When in doubt, especially if you are washing delicates, always check the instructions on the garment’s label. You can also find a good rule-of-thumb infographic on laundry and water temperature here.
How to Treat Stains on White Clothes
If you want to see whiter whites, my first suggestion is to act quickly and tackle the stains as soon as they happen. This might be a nuisance for many, but tackling spills and stains sooner than later saves you time, and it might save your garment, too.

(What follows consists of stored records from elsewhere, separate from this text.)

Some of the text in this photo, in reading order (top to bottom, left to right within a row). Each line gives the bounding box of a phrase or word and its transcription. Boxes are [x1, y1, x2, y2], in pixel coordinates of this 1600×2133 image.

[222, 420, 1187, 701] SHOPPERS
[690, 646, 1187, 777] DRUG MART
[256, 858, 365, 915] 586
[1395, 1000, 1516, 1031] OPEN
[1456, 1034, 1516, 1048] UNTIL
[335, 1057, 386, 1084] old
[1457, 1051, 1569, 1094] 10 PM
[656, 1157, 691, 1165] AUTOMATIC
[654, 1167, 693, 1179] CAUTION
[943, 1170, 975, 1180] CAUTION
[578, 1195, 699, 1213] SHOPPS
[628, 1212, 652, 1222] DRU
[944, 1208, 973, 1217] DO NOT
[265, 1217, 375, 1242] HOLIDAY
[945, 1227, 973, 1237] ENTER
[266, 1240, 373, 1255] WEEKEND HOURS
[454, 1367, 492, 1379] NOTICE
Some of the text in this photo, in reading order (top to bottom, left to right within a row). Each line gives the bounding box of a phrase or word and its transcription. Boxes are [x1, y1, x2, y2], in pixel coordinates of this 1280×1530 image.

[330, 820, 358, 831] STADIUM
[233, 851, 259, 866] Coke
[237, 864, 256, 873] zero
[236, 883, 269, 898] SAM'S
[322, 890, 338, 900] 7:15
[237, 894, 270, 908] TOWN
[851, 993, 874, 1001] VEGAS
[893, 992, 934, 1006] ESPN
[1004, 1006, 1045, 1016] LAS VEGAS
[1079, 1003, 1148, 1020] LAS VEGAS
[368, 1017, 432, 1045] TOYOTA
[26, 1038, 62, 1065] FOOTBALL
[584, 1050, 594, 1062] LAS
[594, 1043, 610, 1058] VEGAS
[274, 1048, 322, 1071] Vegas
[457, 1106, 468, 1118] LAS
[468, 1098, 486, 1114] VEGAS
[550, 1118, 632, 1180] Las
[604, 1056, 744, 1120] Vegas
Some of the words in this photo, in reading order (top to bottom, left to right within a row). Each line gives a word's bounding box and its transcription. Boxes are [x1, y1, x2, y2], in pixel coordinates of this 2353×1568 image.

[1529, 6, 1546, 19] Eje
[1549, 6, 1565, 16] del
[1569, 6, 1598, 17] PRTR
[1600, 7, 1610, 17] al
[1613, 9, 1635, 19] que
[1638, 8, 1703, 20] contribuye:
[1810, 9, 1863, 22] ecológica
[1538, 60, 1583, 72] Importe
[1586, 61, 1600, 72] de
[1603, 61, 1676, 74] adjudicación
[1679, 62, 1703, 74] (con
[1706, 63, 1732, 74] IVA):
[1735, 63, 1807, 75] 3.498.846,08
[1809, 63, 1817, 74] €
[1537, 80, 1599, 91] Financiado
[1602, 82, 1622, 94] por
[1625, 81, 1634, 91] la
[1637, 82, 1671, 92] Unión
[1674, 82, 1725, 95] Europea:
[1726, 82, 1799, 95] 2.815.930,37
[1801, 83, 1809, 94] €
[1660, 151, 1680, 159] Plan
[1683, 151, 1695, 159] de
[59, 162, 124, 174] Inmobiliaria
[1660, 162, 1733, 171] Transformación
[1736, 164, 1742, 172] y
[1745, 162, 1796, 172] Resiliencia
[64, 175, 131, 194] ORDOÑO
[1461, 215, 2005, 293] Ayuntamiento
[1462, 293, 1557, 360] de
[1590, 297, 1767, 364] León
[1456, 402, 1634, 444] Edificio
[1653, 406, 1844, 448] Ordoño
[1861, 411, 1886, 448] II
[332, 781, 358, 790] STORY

Here’s how to treat and clean a stain on a white (or any other color) garment as soon as possible:
- If the stain ‘just happened,’ blot it with a cotton cloth or a paper towel to absorb it.
- Turn the garment inside-out and treat the stain from the back.
- Place the palm of your hand right behind it so the stain doesn’t transfer to the rest of the garment.
- Take a small brush (an old toothbrush works perfectly fine) and dip it in a stain remover. My personal favorite is Clorox 2 for Colors – Stain Remover and Color Brightener.
- Scrub the stain, front and back, and let the product sit on the garment for a few minutes. Usually, no more than 10 minutes. Always read the instructions.
- Rinse the stain and wash the garment as usual.
Another personal suggestion is to avoid the extended use of bleach. With time, bleaching clothes too much can produce yellowing of the fibers. It also destroys the elasticity in many garments, such as socks or the elastic on shorts, pants, and underwear.
Non-Chemical Bleaching Alternatives
Below are a few tricks that our moms and grandmas use as an alternative for cleaning and bleaching white clothes without chemicals.
- The UV rays of the sun help bleach your clothes. After washing white clothes, if possible, hang the garments on a clothesline and let the sun rays do the chemical-free bleaching for you.
- Lemon juice is a potent, natural bleach alternative. Soak a stained garment in a mixture of hot water and the juice of one or two lemons. Let it sit until the water temperature drops. Scrub the stain if necessary, and then wash as usual. Citric acid and lemon essential oil have the same bleaching properties without the chemicals!
- Use borax in lieu of your regular chemical bleach. Borax is a natural element found in nature, non-toxic, and a great water softener. Learn more about Borax and its multiple uses around the house, in my post 5 reasons why I only do laundry once a week.
- Baking soda is also a really good whitening agent. Make a paste with a teaspoon of baking soda and some lemon juice, rub over a stubborn stain. Wash the garment as usual. You can also put 1/2 cup of baking soda for a non-chemical bleaching option.
- Hydrogen Peroxide is a powerful blood stain remover and a good natural disinfectant. Add some hydrogen peroxide to a load in need of both, bleaching and disinfecting!
- White vinegar has many cleaning uses, and bleaching is no exception. Add 1 cup of white cleaning vinegar to your laundry load as a bleach alternative, and to rid your washing machine of musty smells!
- This one will blow your mind! Use 2% cow milk, yes, plain milk for a non-chemical bleaching option. Milk is great for bleaching 100% white cotton garments. Add some milk in a bucket and soak the garment for a couple of hours. Rinse and wash as usual. For an added boost, add vinegar to the laundry load.